Presented by: 
Professor Volker Schmidt (Ulm University)
Date: 
Wed 22 Feb, 2:00 pm - 3:00 pm
Venue: 
T105 in Hawken (50)

Model-based 3D simulation of tomographic image data, with applications to virtual materials design

Mathematical models from stochastic geometry can greatly facilitate the quantitative analysis of morphological microstructures of materials used, e.g., in lithium-ion batteries, fuel cells, and polymer solar cells. Not only do they provide a quantitative description of complex microstructures in existing materials, but they also offer the opportunity to construct new virtual morphologies with improved physical properties, using model-based computer simulations.

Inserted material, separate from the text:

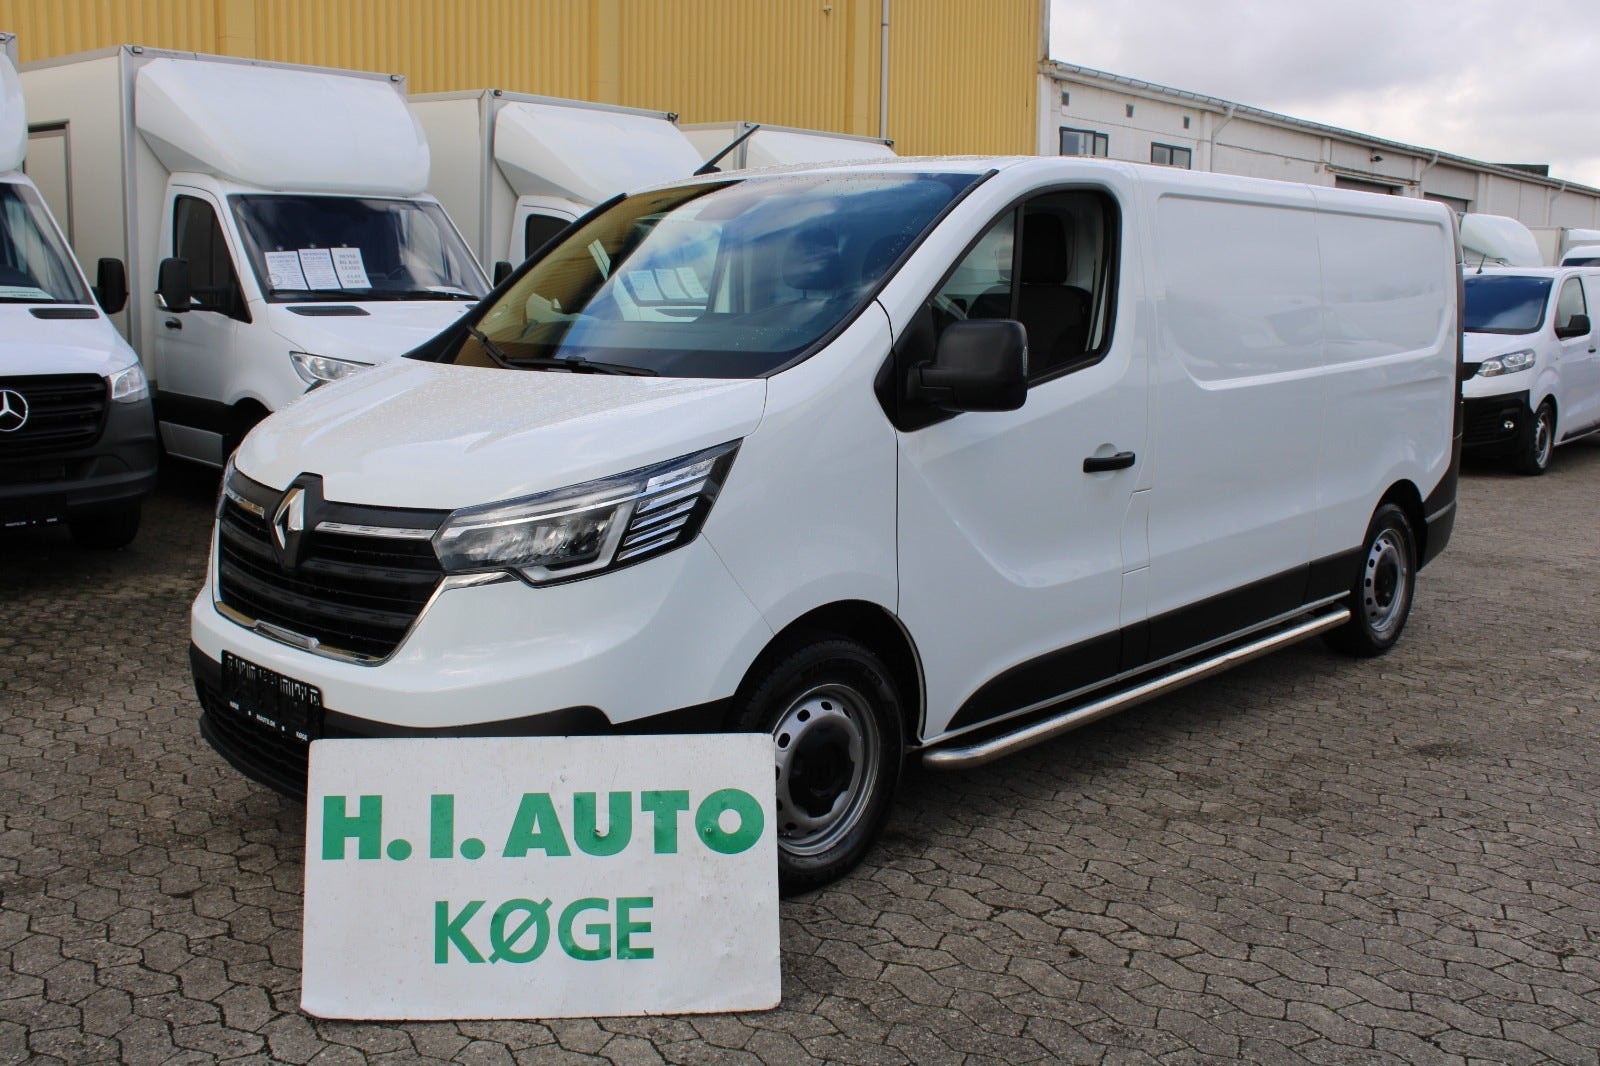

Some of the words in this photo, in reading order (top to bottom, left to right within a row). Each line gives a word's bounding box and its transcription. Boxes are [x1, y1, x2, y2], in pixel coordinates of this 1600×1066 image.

[322, 795, 412, 861] H.
[430, 794, 486, 860] I.
[502, 788, 764, 857] AUTO
[434, 897, 654, 964] KØGE

The latter can be achieved by modifying the model parameters and combining the stochastic microstructure models with numerical transport models. In this talk, we present a new approach to stochastic simulation of 3D images, which show complex microstructures reconstructed from electron or synchrotron tomography. Using a multiscale approach, it is possible to decompose complex microstructures into several (less complex) components. In particular, a macroscale component is determined by morphological smoothing, which can be represented by unions of overlapping spheres. This leads to an enormous reduction of complexity and allows us to model the macroscale component by random marked point processes, which is one of the most fundamental classes of models in stochastic geometry.